All of the data below should be output exactly as given.

= = =

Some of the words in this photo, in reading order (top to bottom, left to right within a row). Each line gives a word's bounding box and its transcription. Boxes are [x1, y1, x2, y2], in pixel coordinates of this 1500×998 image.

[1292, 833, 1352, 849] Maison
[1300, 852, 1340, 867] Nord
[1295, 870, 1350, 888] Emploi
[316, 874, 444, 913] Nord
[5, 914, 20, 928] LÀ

= = =

RESULT BELOW »
Some of the words in this photo, in reading order (top to bottom, left to right within a row). Each line gives a word's bounding box and its transcription. Boxes are [x1, y1, x2, y2], in pixel coordinates of this 1500×998 image.

[1292, 833, 1352, 849] Maison
[1300, 852, 1340, 867] Nord
[1295, 870, 1350, 888] Emploi
[316, 874, 444, 913] Nord
[5, 914, 20, 928] LÀ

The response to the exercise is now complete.